▶ **Record set**:
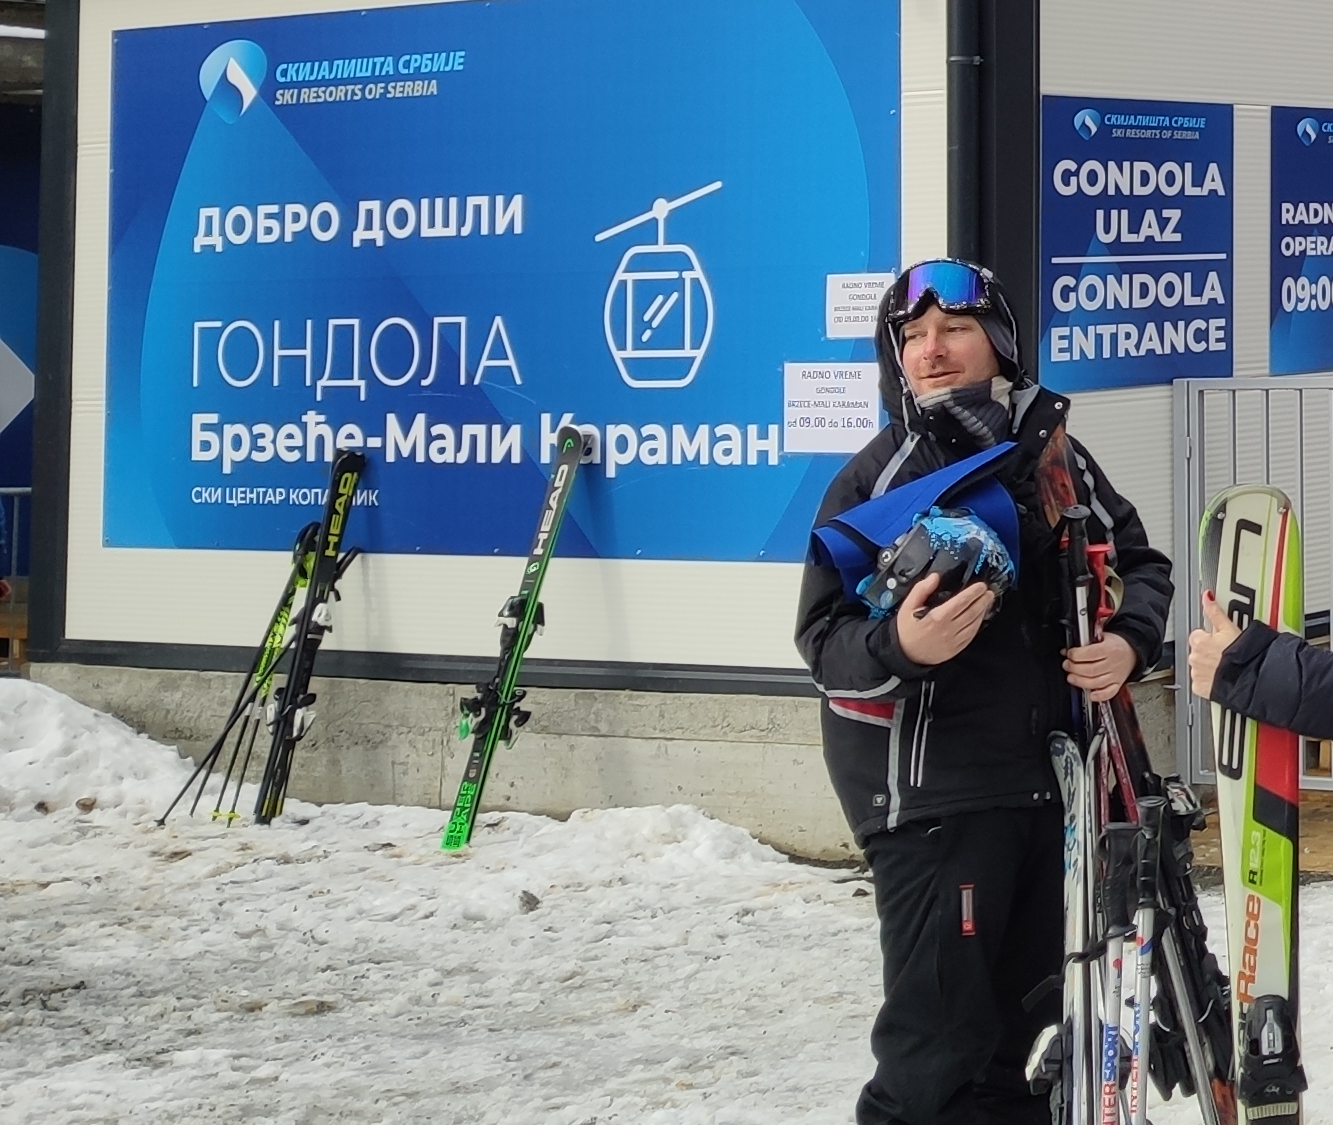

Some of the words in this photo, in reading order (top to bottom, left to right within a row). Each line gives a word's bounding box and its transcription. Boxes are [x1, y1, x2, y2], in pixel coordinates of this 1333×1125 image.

[275, 56, 394, 82] СКИЈАЛИШТА
[397, 51, 466, 74] СРБИЈЕ
[275, 88, 298, 105] SKI
[300, 85, 362, 104] RESORTS
[365, 83, 385, 99] OF
[387, 80, 438, 97] SERBIA
[1104, 114, 1170, 127] СКИЈАЛИШТА
[1171, 117, 1206, 129] СРБИЈЕ
[1112, 128, 1124, 138] SKI
[1126, 129, 1160, 139] RESORTS
[1161, 130, 1173, 138] OF
[1173, 130, 1200, 140] SERBIA
[1053, 159, 1226, 197] GONDOLA
[193, 201, 340, 253] ДОБРО
[352, 194, 524, 248] ДОШЛИ
[1096, 209, 1182, 243] ULAZ
[1052, 271, 1225, 312] GONDOLA
[193, 315, 522, 401] ГОНДОЛА
[1051, 318, 1226, 362] ENTRANCE
[801, 370, 831, 379] RADNO
[832, 370, 862, 379] VREME
[799, 417, 826, 428] 09.00
[828, 419, 839, 428] do
[841, 417, 874, 428] 16.00h
[191, 410, 521, 475] Брзеће-Мали
[191, 486, 222, 505] СКИ
[225, 487, 286, 507] ЦЕНТАР
[324, 472, 358, 557] HEAD
[533, 464, 568, 555] HEAD
[1237, 894, 1261, 1004] Race

▶ **Description of the task**:
Output a verbatim copy of the entries and skip the pictures.

▶ **Output of the task**:
Some of the words in this photo, in reading order (top to bottom, left to right within a row). Each line gives a word's bounding box and its transcription. Boxes are [x1, y1, x2, y2], in pixel coordinates of this 1333×1125 image.

[275, 56, 394, 82] СКИЈАЛИШТА
[397, 51, 466, 74] СРБИЈЕ
[275, 88, 298, 105] SKI
[300, 85, 362, 104] RESORTS
[365, 83, 385, 99] OF
[387, 80, 438, 97] SERBIA
[1104, 114, 1170, 127] СКИЈАЛИШТА
[1171, 117, 1206, 129] СРБИЈЕ
[1112, 128, 1124, 138] SKI
[1126, 129, 1160, 139] RESORTS
[1161, 130, 1173, 138] OF
[1173, 130, 1200, 140] SERBIA
[1053, 159, 1226, 197] GONDOLA
[193, 201, 340, 253] ДОБРО
[352, 194, 524, 248] ДОШЛИ
[1096, 209, 1182, 243] ULAZ
[1052, 271, 1225, 312] GONDOLA
[193, 315, 522, 401] ГОНДОЛА
[1051, 318, 1226, 362] ENTRANCE
[801, 370, 831, 379] RADNO
[832, 370, 862, 379] VREME
[799, 417, 826, 428] 09.00
[828, 419, 839, 428] do
[841, 417, 874, 428] 16.00h
[191, 410, 521, 475] Брзеће-Мали
[191, 486, 222, 505] СКИ
[225, 487, 286, 507] ЦЕНТАР
[324, 472, 358, 557] HEAD
[533, 464, 568, 555] HEAD
[1237, 894, 1261, 1004] Race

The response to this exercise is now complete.